Только супруги Эттема держали его в страхе: у чертежника на столе, вокруг которого шнырял дикаренок, чей взгляд приковывали компас и цветные карандаши, лежала плетка, и Эттема в любую минуту мог до нее дотянуться и огреть мальчишку по ногам. Но ни Жан, ни Фанни к подобным средствам не прибегали, а мальчонка был по-прежнему скрытен, недоверчив, по-прежнему дичился их, как они его ни баловали: можно было подумать, что «нянька», умирая, лишила его способности выражать свои чувства. Фанни еще удавалось чуточку подержать его на коленях, потому что от нее «воняло чем-то приятным», а по отношению к Госсену, который был с ним неизменно ласков, он продолжал оставаться все тем же диким зверьком, как и в первый день своего появления в этом доме: он смотрел на него подозрительно и выпускал когти.
Эта непобедимая, почти инстинктивная отчужденность приемыша, любопытствующее лукавство, какое выражали его голубые глазенки с ресницами, как у альбиноса, а главное — внезапная и нерассуждающая нежность Фанни к чужому ребенку, вторгшемуся в их жизнь, возбудили в душе у Госсена новые подозрения. Может быть, это ее ребенок, воспитывавшийся у кормилицы или у свекрови? С появлением мальчика совпала кончина Машом, о которой им стало известно, — такое совпадение усиливало душевные муки Госсена. По ночам, когда мальчик хватал его руку своей детской ручонкой, — ему, сонному, грезилось, что это рука «няньки», — Госсен мысленно обращался к нему с вопросом, выраставшим из его невысказанного душевного смятения: «Откуда ты?

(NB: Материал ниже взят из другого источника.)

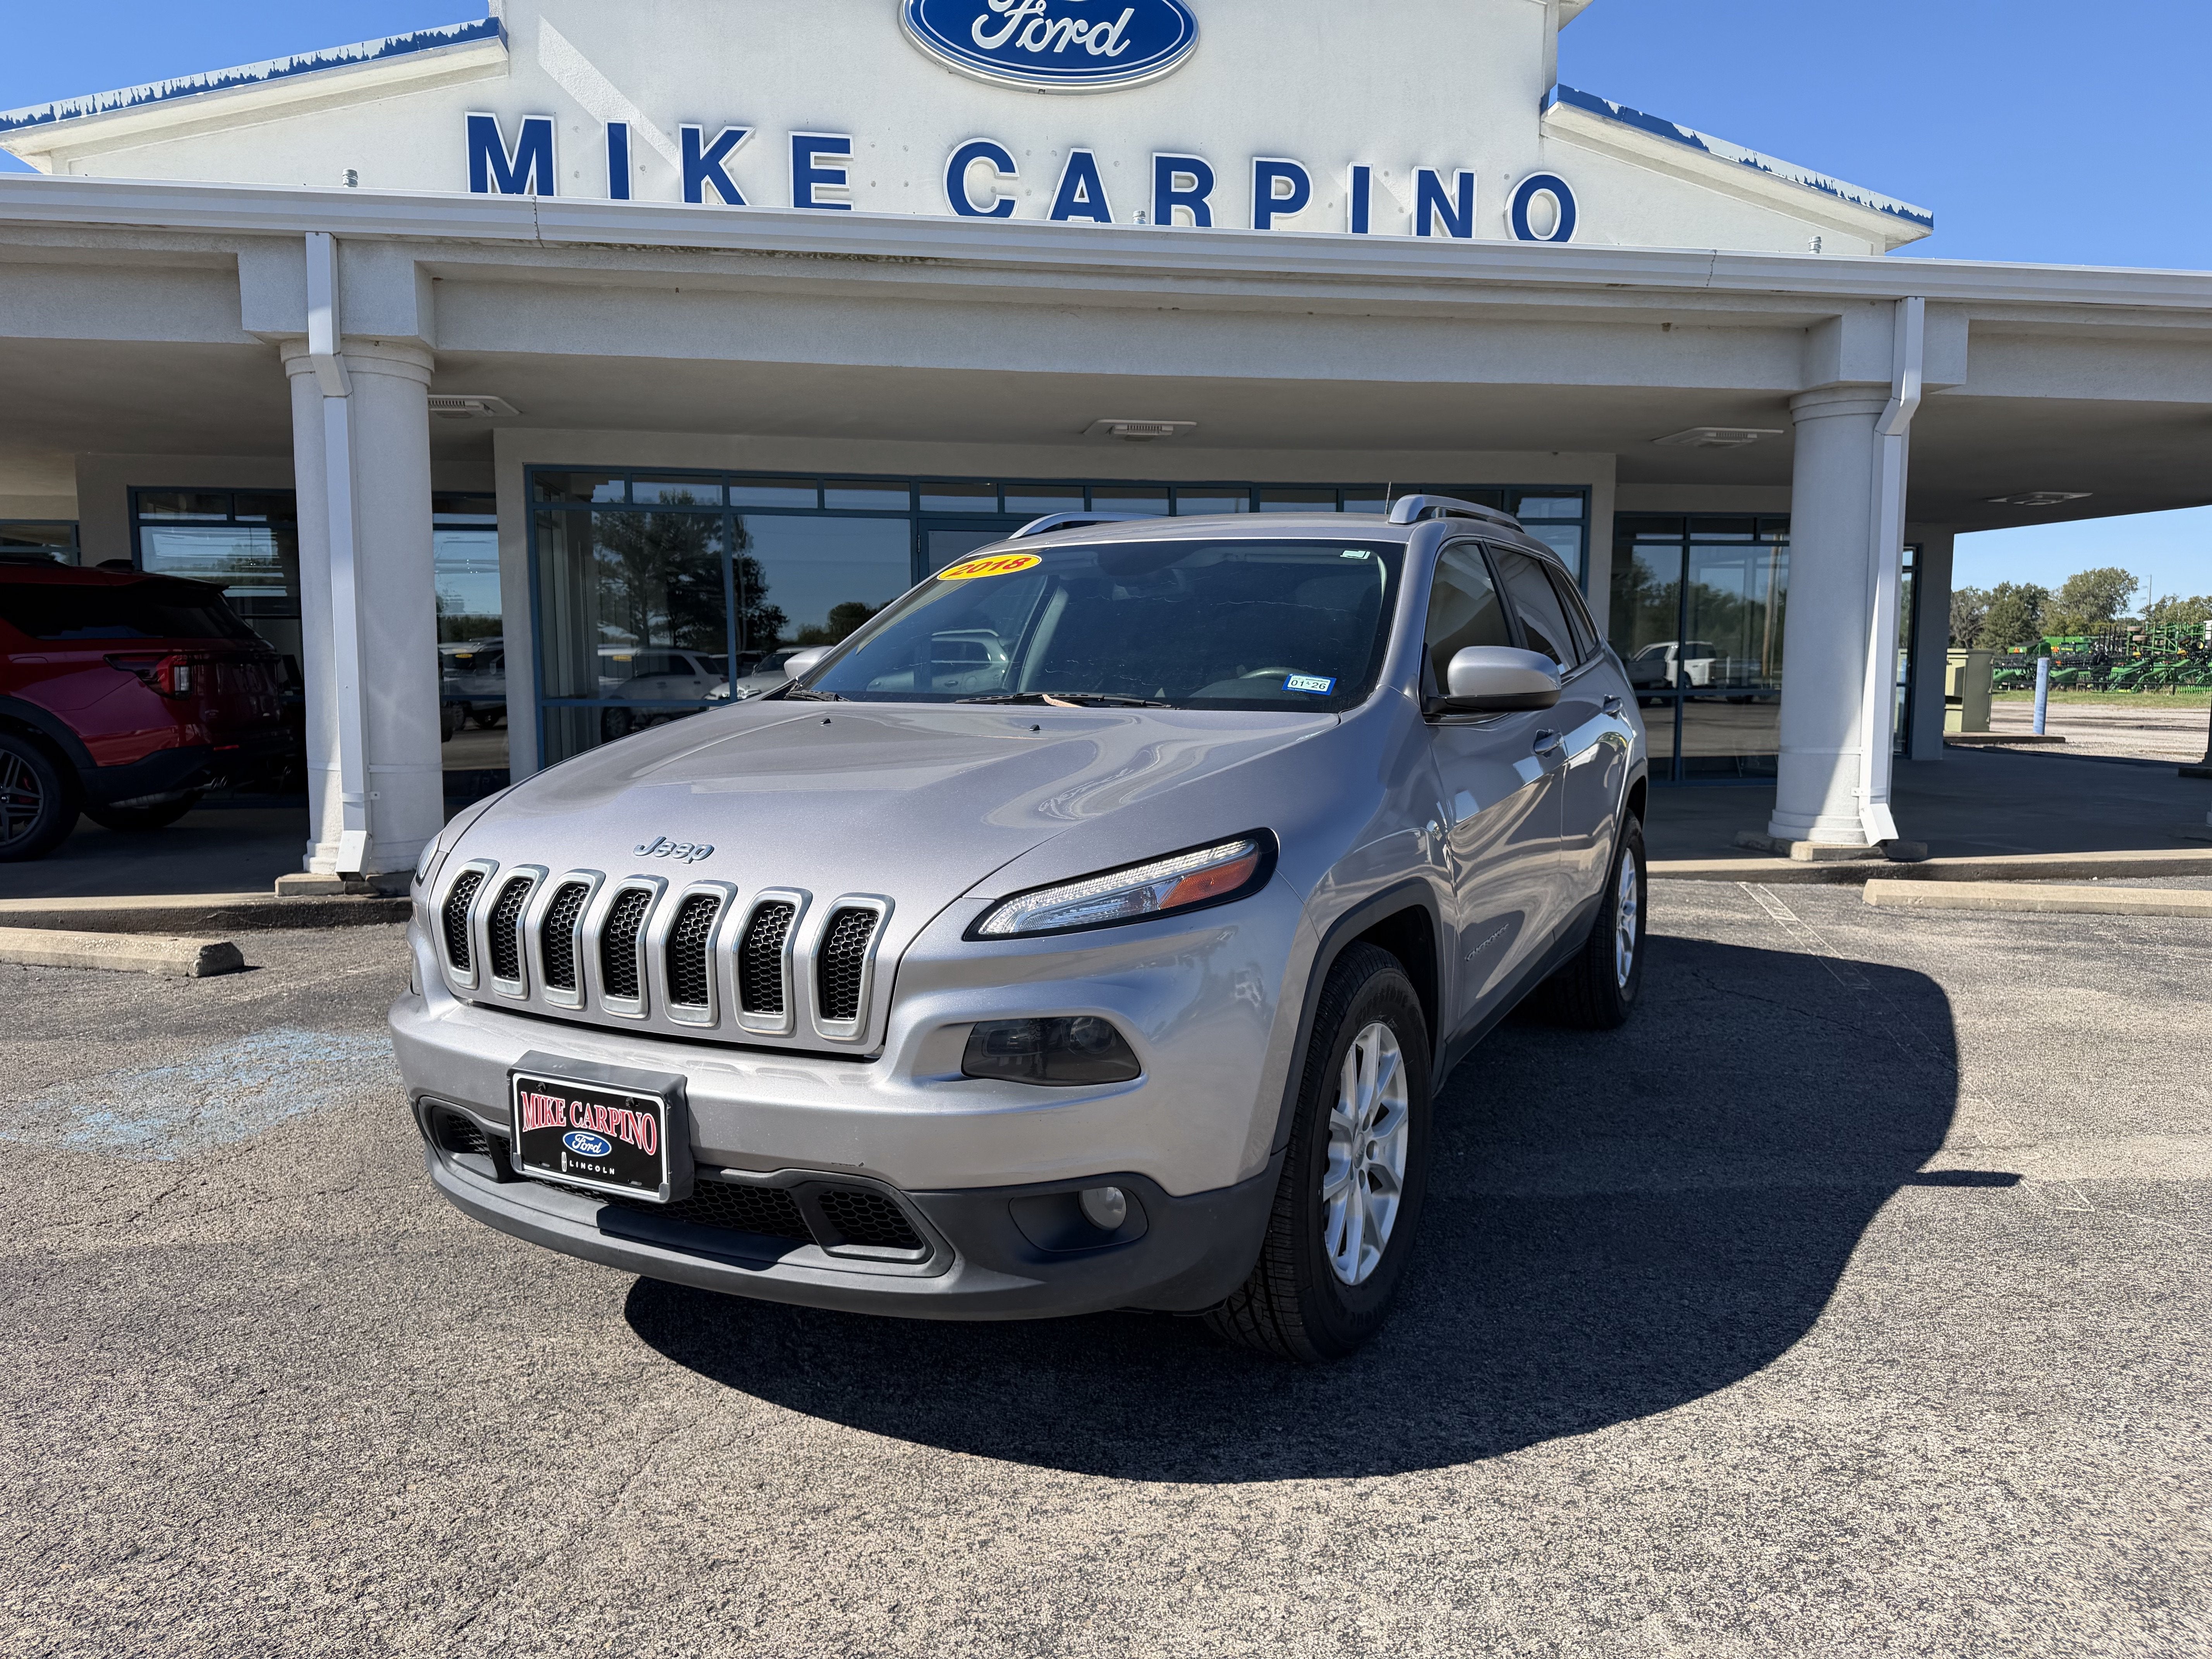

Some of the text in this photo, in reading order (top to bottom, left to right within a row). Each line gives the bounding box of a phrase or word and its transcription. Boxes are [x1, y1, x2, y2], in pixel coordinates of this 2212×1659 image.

[972, 0, 1135, 57] Ford
[464, 112, 1579, 243] MIKE CARPINO
[945, 557, 1032, 578] 2018
[633, 836, 714, 864] Jeep
[520, 1091, 657, 1156] MIKE CARPINO
[572, 1133, 601, 1154] Ford
[569, 1159, 615, 1175] LINCOLN

Кто ты?» — и надеялся, что ребенок вместе с теплом, исходившим от его маленького тельца, выдаст ему тайну своего рождения.

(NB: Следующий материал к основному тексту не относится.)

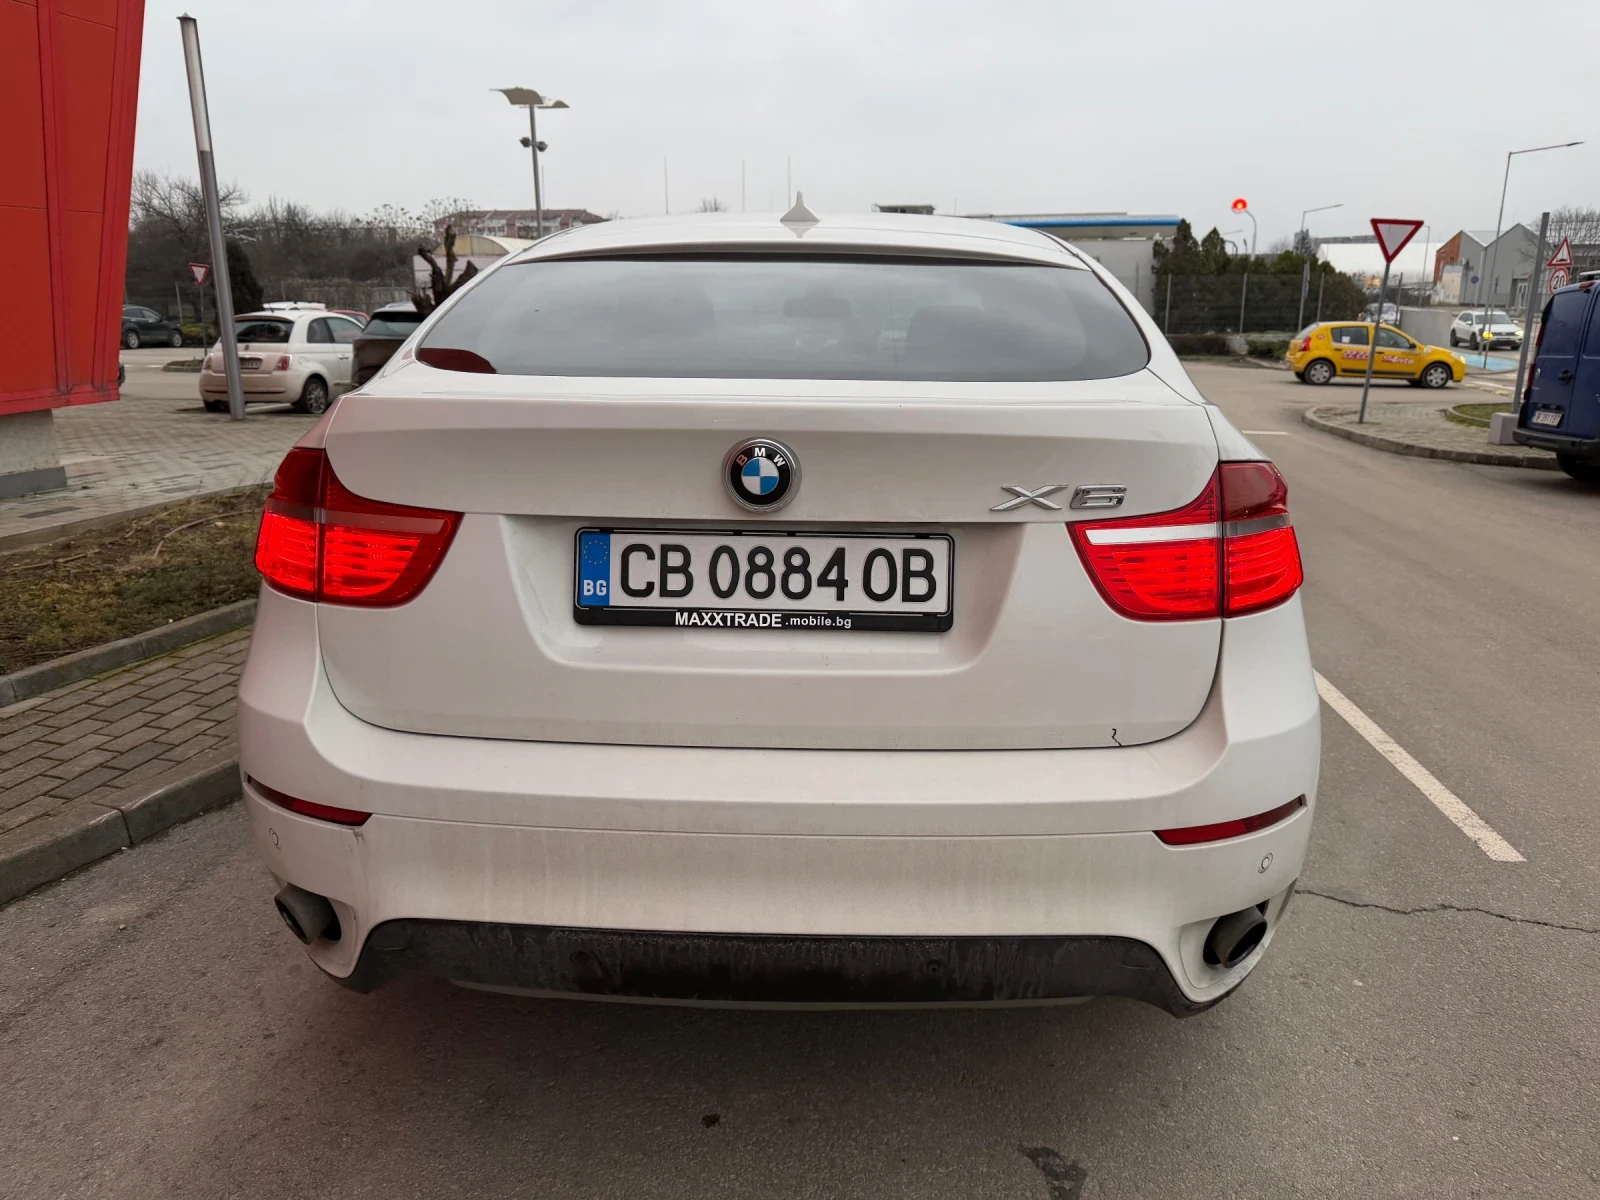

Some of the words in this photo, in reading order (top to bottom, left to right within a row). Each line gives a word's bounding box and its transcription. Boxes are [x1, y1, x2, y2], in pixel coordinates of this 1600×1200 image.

[1553, 275, 1565, 289] 20
[736, 447, 786, 467] BMW
[989, 484, 1127, 511] X6
[620, 543, 694, 598] CB
[708, 545, 849, 602] 0884
[862, 547, 937, 603] OB
[583, 579, 607, 596] BG
[675, 612, 782, 628] MAXXTRADE

Но все его опасения улетучились от одного слова дядюшки Леграна; Легран пришел с просьбой, чтобы ему помогли заплатить за ограду на могиле жены, и, увидев люльку «Жозафа», крикнул дочери:
— Э, да у вас ребенок!.. Рада, небось?.. А то ведь тебе все не хватало силенки.
Госсен был так счастлив, что заплатил за ограду, даже не попросив показать ему счета, и уговорил дядюшку Леграна остаться обедать.

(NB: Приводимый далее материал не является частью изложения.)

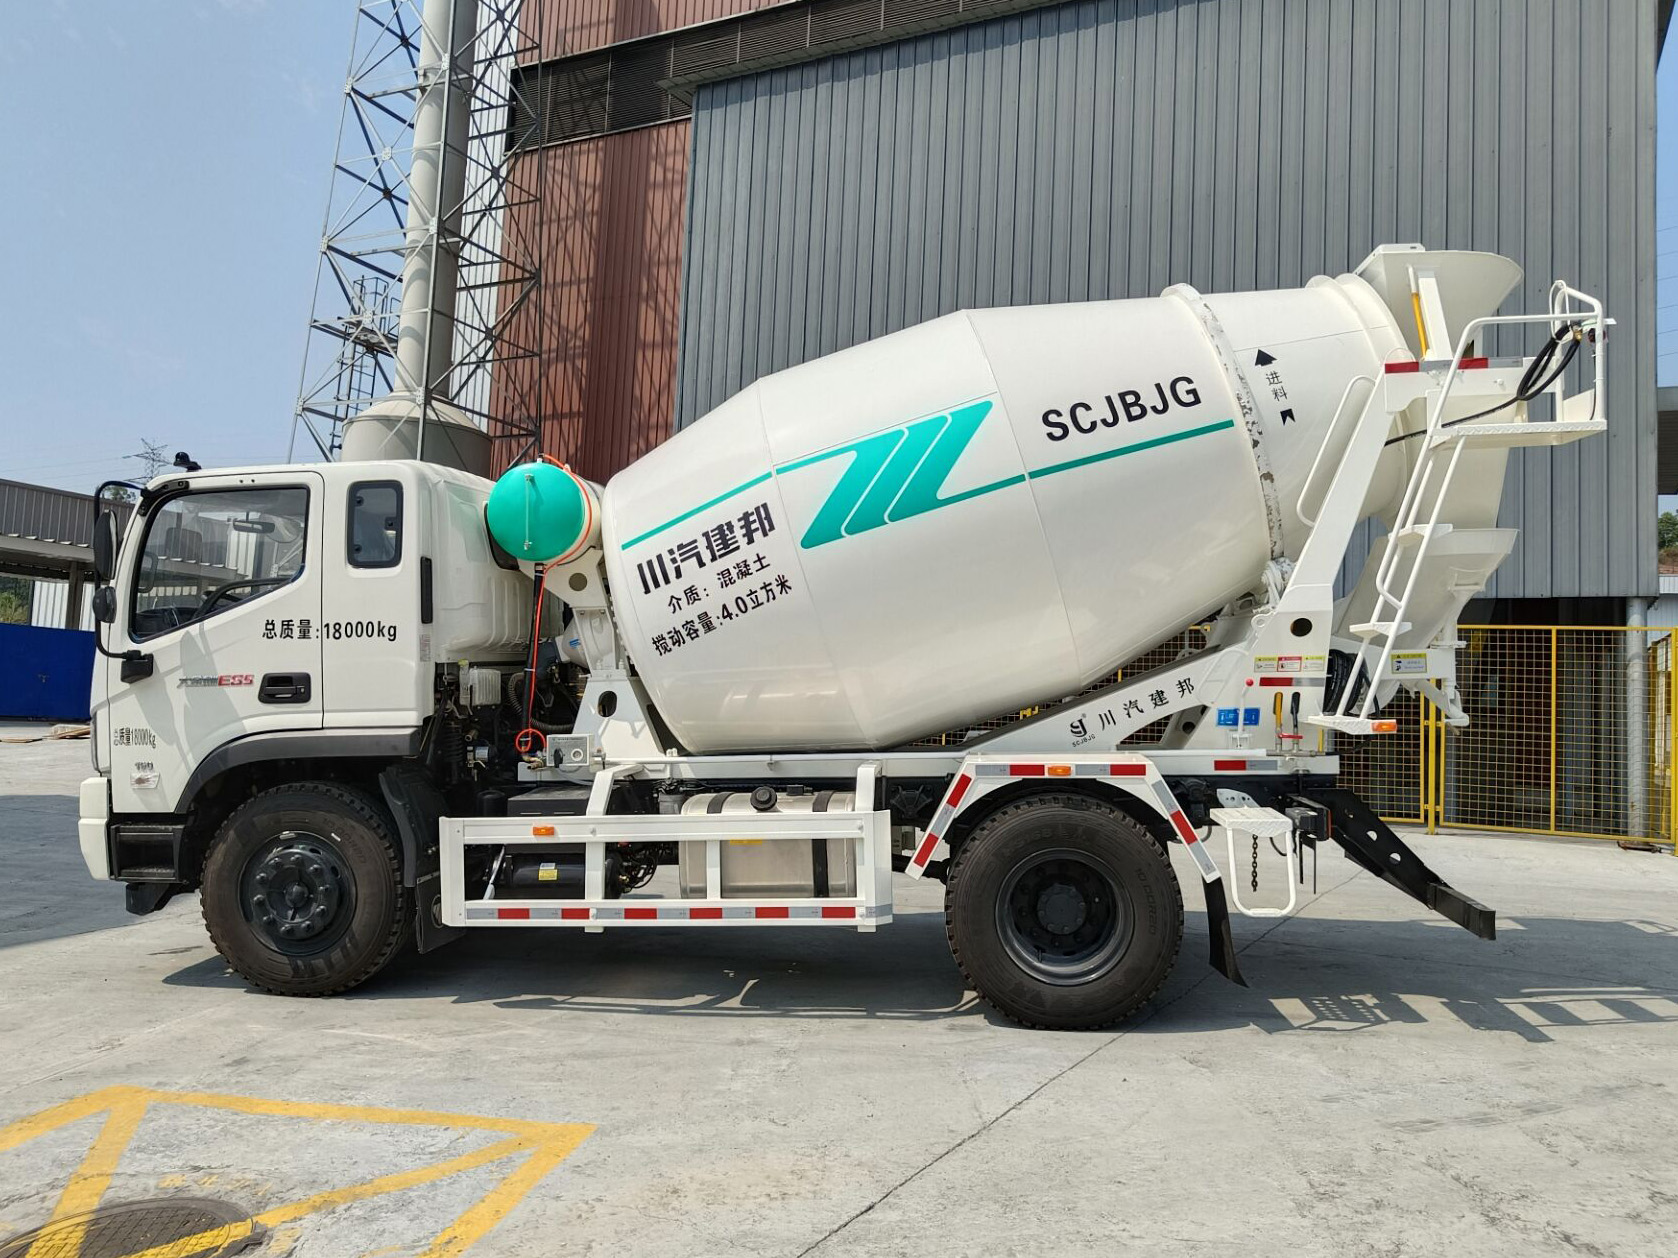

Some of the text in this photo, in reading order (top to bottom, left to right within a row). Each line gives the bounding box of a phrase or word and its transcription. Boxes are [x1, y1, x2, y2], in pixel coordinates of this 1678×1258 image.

[1041, 376, 1202, 442] SCJBJG
[1265, 370, 1288, 402] 进料
[636, 502, 776, 595] 川汽建邦
[262, 619, 398, 642] 总质量:18000kg
[1097, 676, 1195, 731] 川汽建邦

Красный от выпитого вина и от предрасположения к апоплексии, всегда веселый, с приветливым выражением лица, в кожаной шляпе с толстым, черным, в знак траура, шнурком, придававшим ей сходство со шляпой факельщика, старый извозчик, служивший теперь на конке Париж — Версаль, был в восторге от приема, оказанного ему дочерью и г-ном Госсеном, и с того дня стал у них изредка обедать. Его белые, как у полишинеля, волосы, свисавшие на гладкое, одутловатое лицо, его осанка — осанка степенного пропойцы, почтение, с каким он относился к своему кнуту, та бережность няньки, с какой он его ставил, с какой он его устраивал в надежном месте, — все это производило на мальчика большое впечатление, и очень скоро старый да малый крепко подружились. Как-то раз к концу обеда пришли Эттема.
— Ах, извините, вы нынче по-семейному!.. — жеманясь, воскликнула г-жа Эттема, и это слово, оскорбительное, как пощечина, ударило Жана по лицу.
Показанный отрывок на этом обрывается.